Jean não tem medo de assumir a sua voz. Em "querosene"
(pág. 41), escreve: "ponha mais querosene no seu lampião/as palavras
em nossa distração/apagam-se/e/às vezes acendem-se com força estelar de um
pirilampo/ajuste a iluminação de sua sala", poema que lembrou-me a
seguinte frase de Ezra Pound: "Se houver um incêndio em minha
casa, a primeira coisa que eu salvo é o fogo". A poesia de Jean é esse
fogo ao qual Ezra se referia. É a coisa em si. Sem necessidade de tradução,
pois não é língua, não é código nem enfeite, mas sim, algo mais próximo a uma
comunicabilidade mais orgânica, o que é muito interessante. Sua chama - que é
sua poesia - parece independer de seu autor. Soa como se sempre tivesse
existido, mesmo antes do próprio poeta, dado seu caráter inaugural e
metafísico.
Retratos Imateriais, como já mencionado, é um álbum repleto de
poemas-fotografias independentes entre si. E não entendam de nenhuma forma que
este livro se trata de um apanhado de textos aleatórios de gaveta. Há uma
substância que circunda e une cada verso. É o produto de uma revelação gerada
pelo olhar deste poeta-fotógrafo. Já dizia Roland Barthes que "um
fotógrafo é reconhecido pela fotografia que bate", não importando se
clique paisagens distintas. Ele sempre será reconhecido pelo o seu tato, por
essa mão e angulação, pela eleição das luzes, enfim, pelo seu modo de recotar e
imortalizar suas imagens do mundo. E em Jean é assim: sua voz é presente e
aguda. Em seu "álbum" há uma constância, ainda que os poemas não
sejam regidos por temas que - aparentemente e só assim - não se falem (e
"se falarem" pela via temática em poesia, no fim das contas é algo
perfeitamente dispensável, se assim o poeta quiser).

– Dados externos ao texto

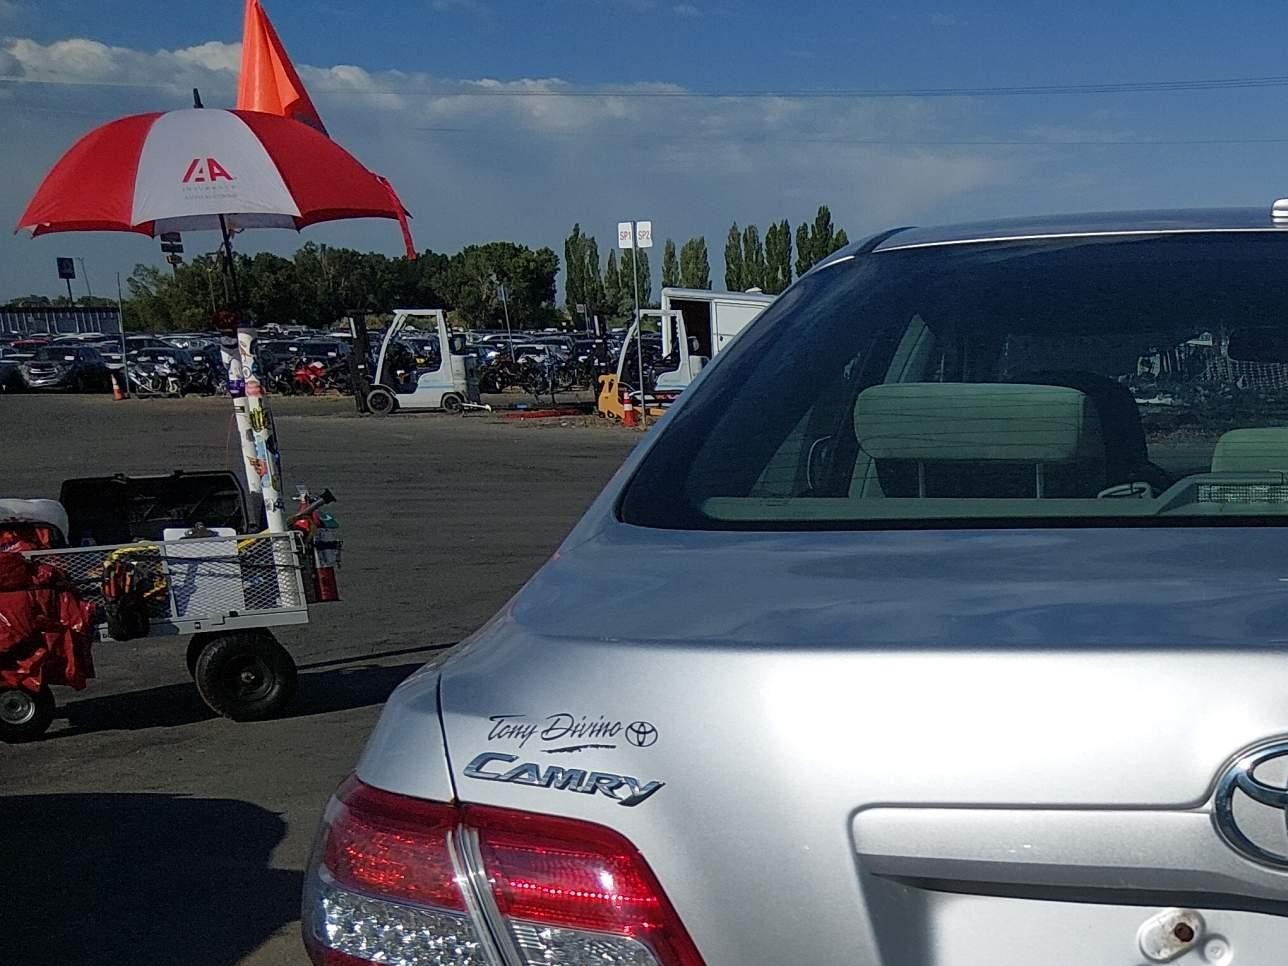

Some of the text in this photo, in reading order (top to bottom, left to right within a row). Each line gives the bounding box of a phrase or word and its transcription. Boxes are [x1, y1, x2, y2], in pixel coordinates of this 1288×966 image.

Jean Narciso Bispo Moura @2017 |
Há muita filosofia na poesia de Jean. Vemos neste
incrível poema de nome "relógio" (pág. 15), a subversão da
noção corriqueira de tempo, nos empurrando para uma reflexão mais aprofundada
do que seria realmente o que se convencionou a chamar de tempo. Como já
escreveu o historiador Jacques Le Goff, "o tempo nem sempre foi
o mesmo", destacando que, por exemplo, na Idade Média (e mesmo na
Antiguidade), o tempo era muito mais cíclico do que em linha reta, como o
concebemos hoje. O que antes havia não era o imperativo do relógio, mas sim a
noite e o dia, as quatro estações, enfim... vamos, então, ao poema do qual me
refiro: "o tempo corre menos que o relógio/não olhe a vida pelo
ponteiro da basílica/o homem quer em dúzias tudo aquilo/que o tempo dá em
unidade".
Por fim, devo acrescentar que Retratos
Imateriais é, sobretudo, um exercício. Um exercício de pensar,
resistir, idealizar, subverter, se posicionar ante a vida, mesmo que através da
entrega, das desistências que vamos exercendo. Neste jogo dialético, Jean em
momento algum perde a mão de seu lirismo. Ao mesmo tempo, não privilegia o
erudito ante o popular, mas justamente equilibra essas ferramentas
comunicacionais de modo a levar ao leitor a melhor experiência poética possível
adivinda de suas convicções, indagações e mesmo dúvidas.
Para fechar o texto, escolhi o poema "rato" (pág. 49), que muito bem representa a poética de Jean da qual falei:
Para fechar o texto, escolhi o poema "rato" (pág. 49), que muito bem representa a poética de Jean da qual falei:
o rato
o álcool dopou a minha consciência
o rato em minha casa
devorou o gato
matou o cão em vigília
ele é um ser mais virulento que uma víbora?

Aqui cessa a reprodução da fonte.